Activation of mir-30a-wnt/β-catenin signaling pathway upregulates cathepsin K expression to promote cementogenic differentiation of periodontal ligament stem cells

Abstract

To explore the role of cathepsin K (CTSK) regulated by mir-30a-wnt/β-catenin signaling pathway in cementogenic differentiation of periodontal ligament stem cells (PDLSCs). Human PDLSCs isolated by limiting dilution culture were induced by enamel matrix protein derivative (EMD) for differentiation into cementoblast-like cells. MicroRNA chip technique was employed to screen the differentially expressed microRNAs in the cells during induced differentiation.
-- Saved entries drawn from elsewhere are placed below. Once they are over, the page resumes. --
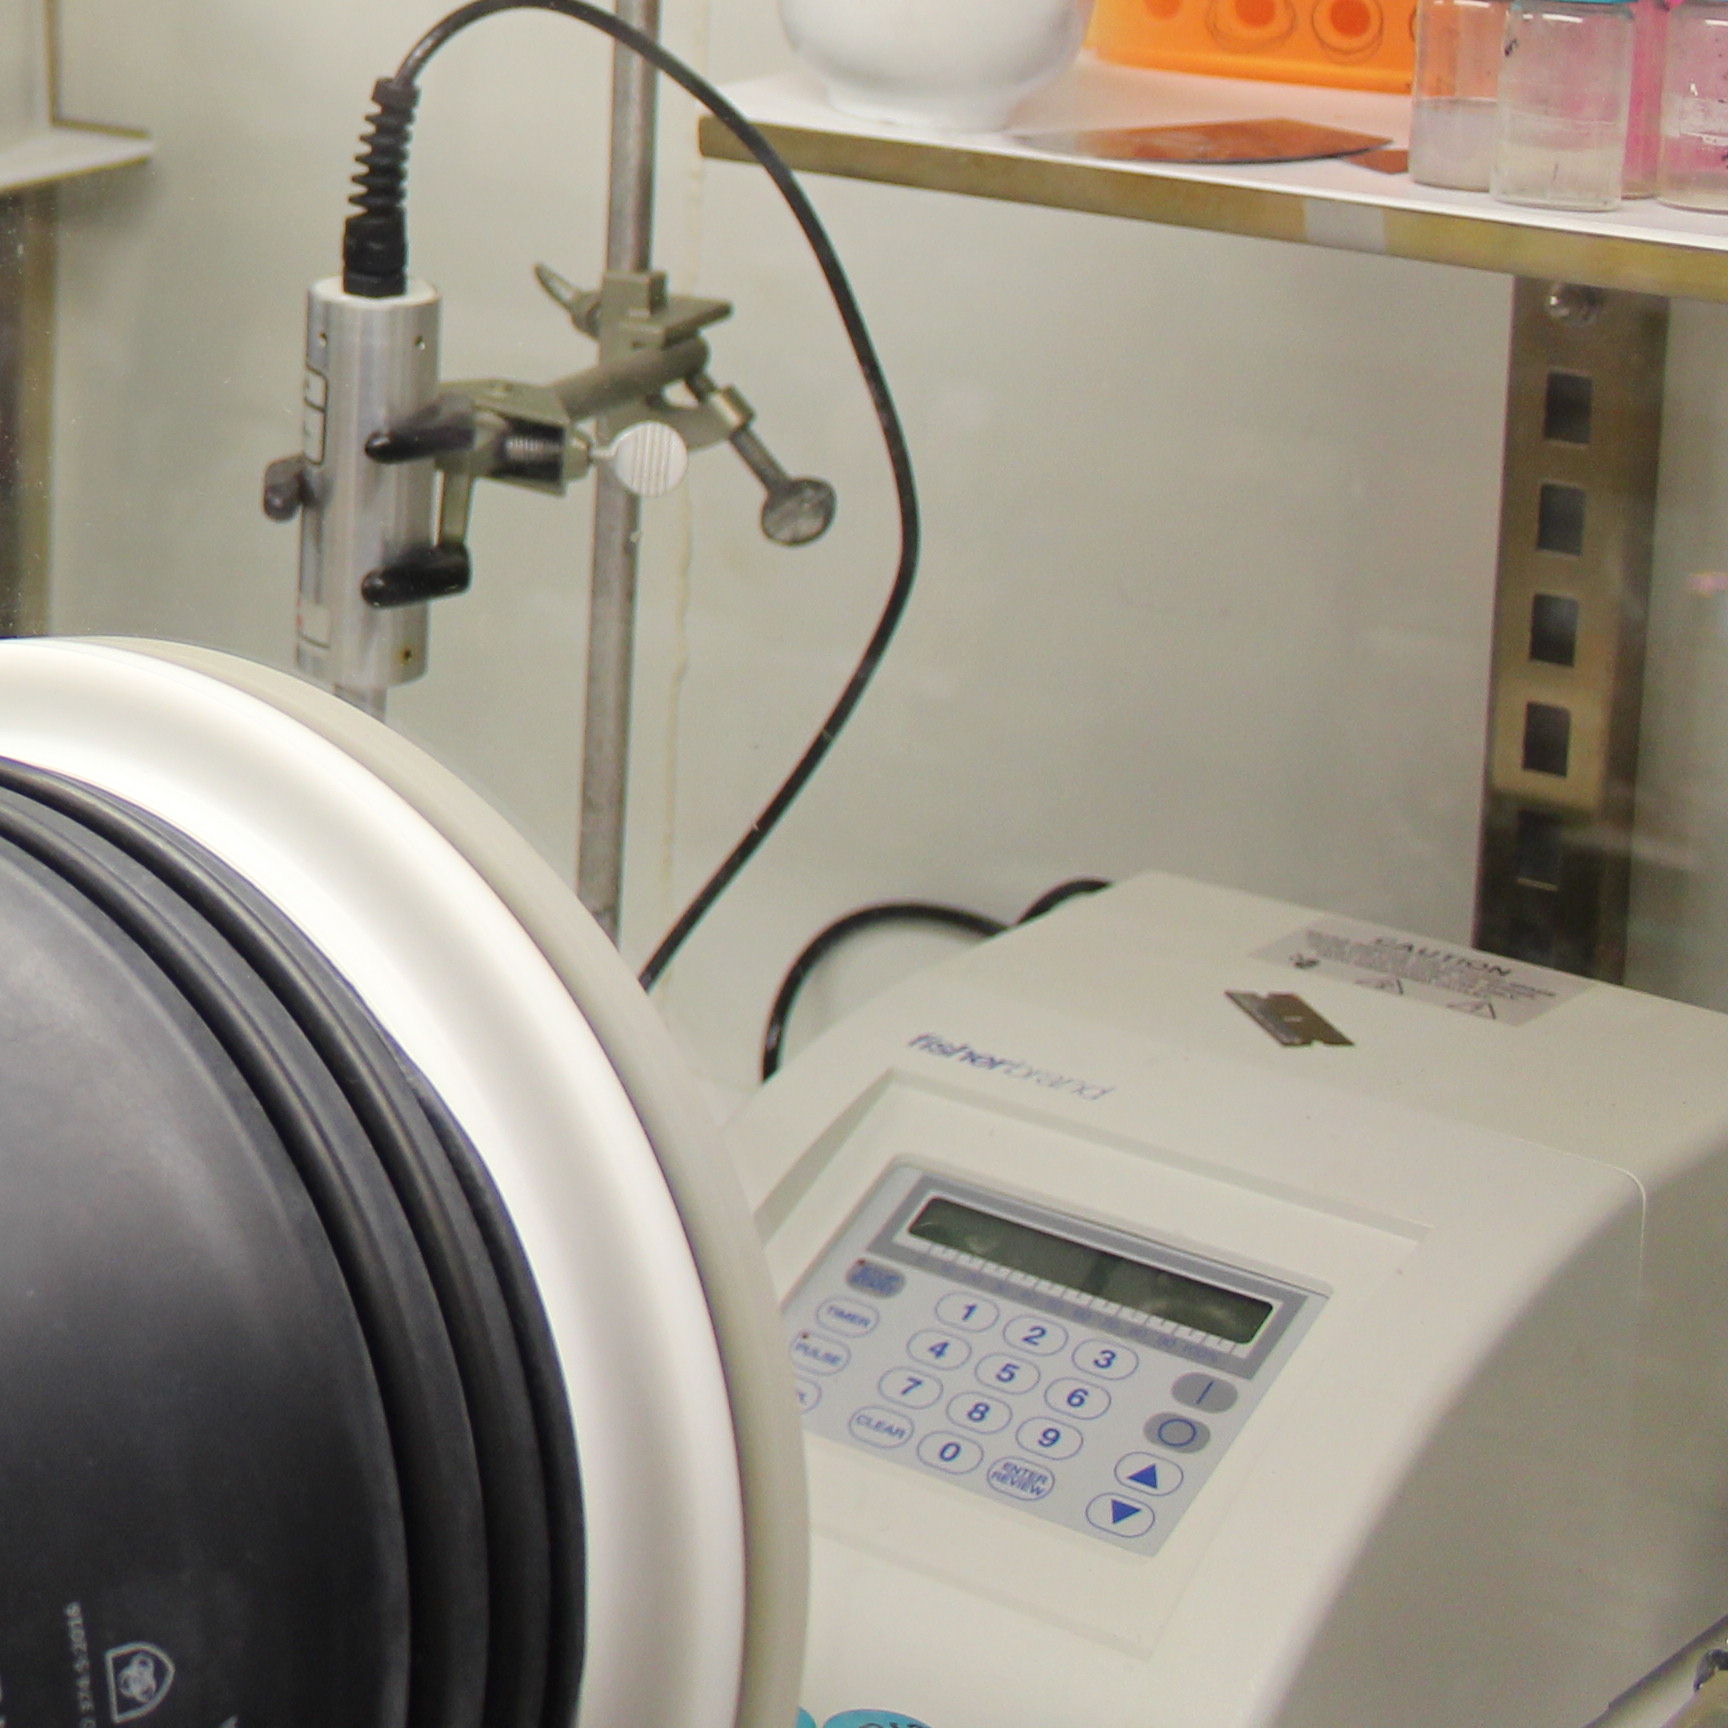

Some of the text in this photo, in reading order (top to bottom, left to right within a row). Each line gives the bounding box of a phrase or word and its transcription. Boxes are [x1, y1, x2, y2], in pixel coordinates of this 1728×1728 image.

[961, 1303, 979, 1322] 1
[1021, 1325, 1047, 1347] 2
[928, 1341, 951, 1359] 4
[1093, 1349, 1117, 1369] 3
[995, 1362, 1021, 1384] 5
[900, 1376, 924, 1397] 7
[1066, 1387, 1091, 1409] 6
[966, 1401, 992, 1423] 8
[855, 1414, 907, 1440] CLEAR
[1037, 1427, 1062, 1448] 9
[938, 1441, 962, 1463] 0
[990, 1470, 1046, 1497] REVIEW
[1002, 1460, 1049, 1485] ENTER
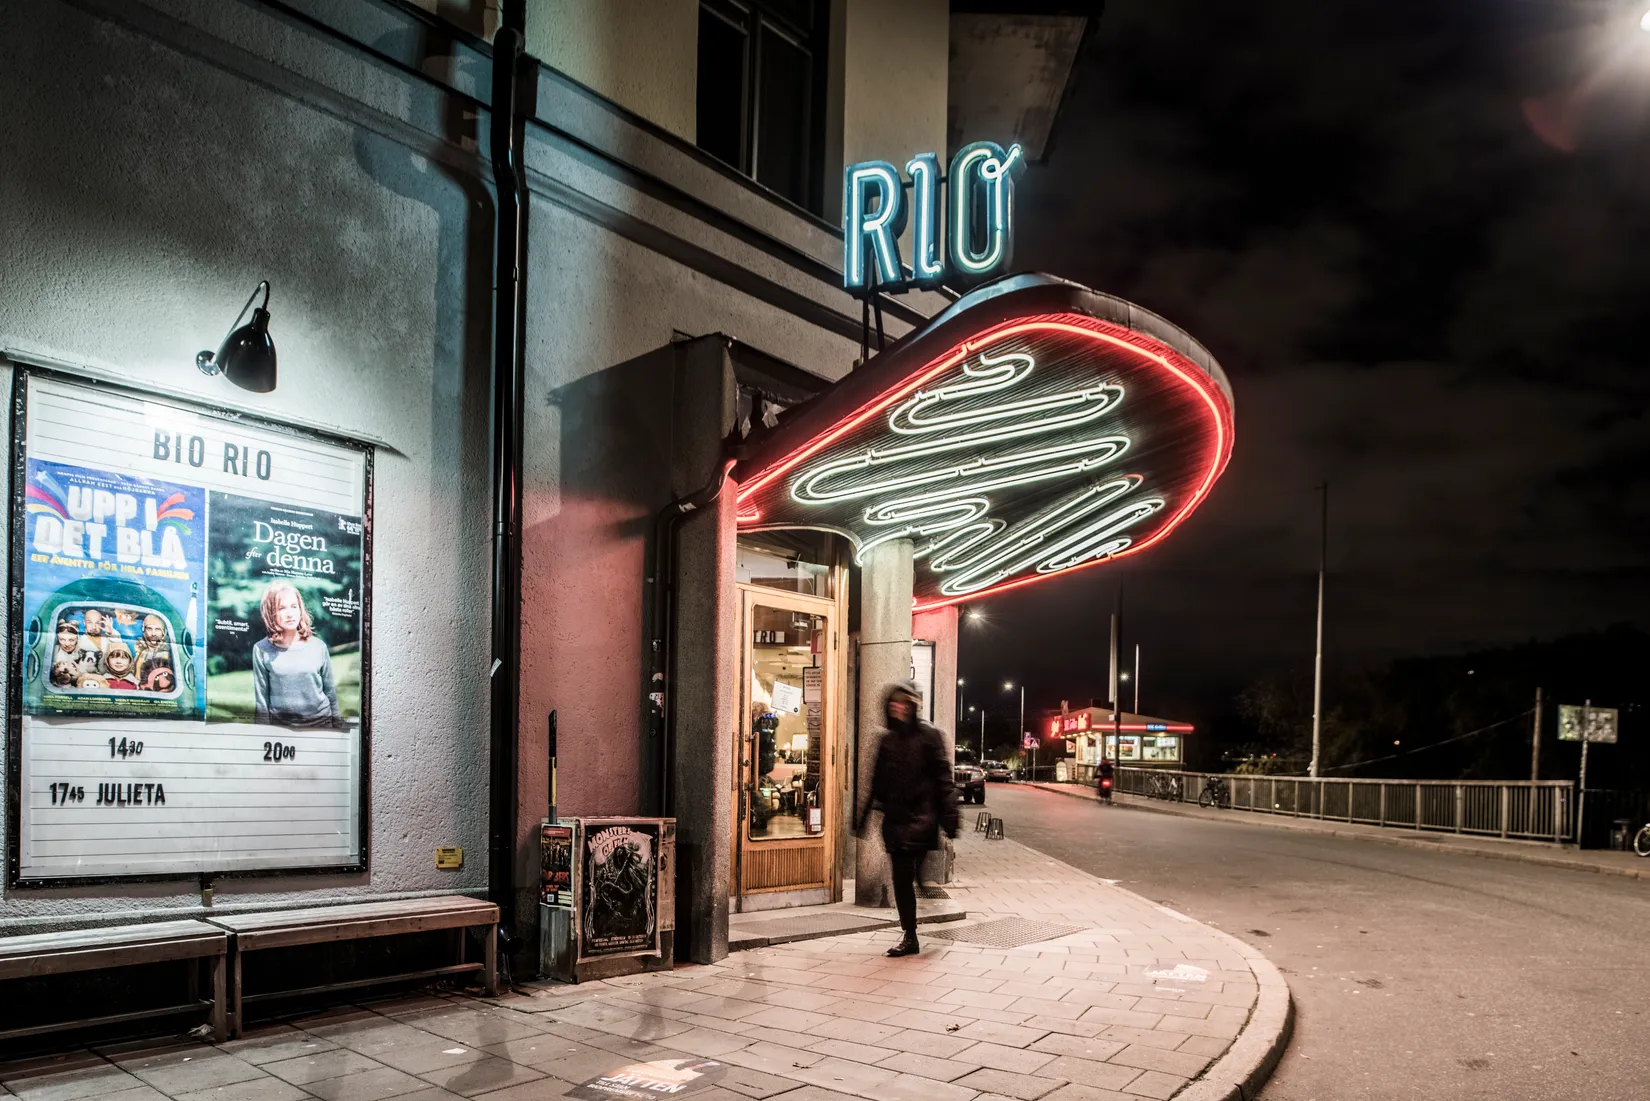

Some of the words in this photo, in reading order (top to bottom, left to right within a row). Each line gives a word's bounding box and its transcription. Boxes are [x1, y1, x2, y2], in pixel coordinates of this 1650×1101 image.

[844, 141, 1022, 288] RIO
[153, 427, 205, 468] BIO
[223, 442, 272, 481] RIO
[68, 485, 138, 528] UPP
[145, 497, 158, 532] I
[253, 520, 328, 554] Dagen
[270, 518, 291, 526] Isabelle
[291, 520, 313, 530] Huppert
[33, 515, 107, 560] DET
[117, 526, 187, 570] BLÅ
[245, 546, 262, 559] efter
[98, 560, 118, 572] FÖR
[121, 565, 144, 576] HELA
[266, 546, 335, 574] denna
[96, 783, 166, 806] JULIETA
[588, 826, 631, 853] MONSTERS
The effect of inhibiting miR-30a on CTSK expression in the induced cells was examined using RT-PCR and Western blotting. Ceramic scaffolds coated with PDLSCs treated with EMD and transfected with the miR-30a inhibitor or a lentiviral vector for CTSK overexpression were prepared and implanted subcutaneously in nude mice, and 8 weeks later the cellular expressions of cementoblast markers CAP and CEMP-1 were detected with immunohistochemistry to verify whether CTSK participate in cementogenic differentiation of PDLSCs. The role of wnt signaling pathway in miR-30a-mediated regulation of CTSK expression was explored by examining CTSK protein expressions after blocking wnt signaling in PDLSCs. In PDLSCs with EMD-induced differentiation into cementoblast-like cells, multiple microRNAs exhibited differential expressions; and among them, miR-30a was specifically and significantly up-regulated (P < 0.05). Up-regulation of miR-30a obviously increased the expression of CTSK (P < 0.05) and promoted PDLSCs to form cementum-like tissues with high expressions of CAP and CEMP-1. The regulatory effect of miR-30a on CTSK expression was obviously attenuated after inhibiting wnt/β-catenin signaling pathway. EMD induces cementogenic differentiation of PDLSCs possibly by up-regulating the expression of miR-30a, which further activates the wnt/β-catenin signaling pathway to enhance the expression of CTSK.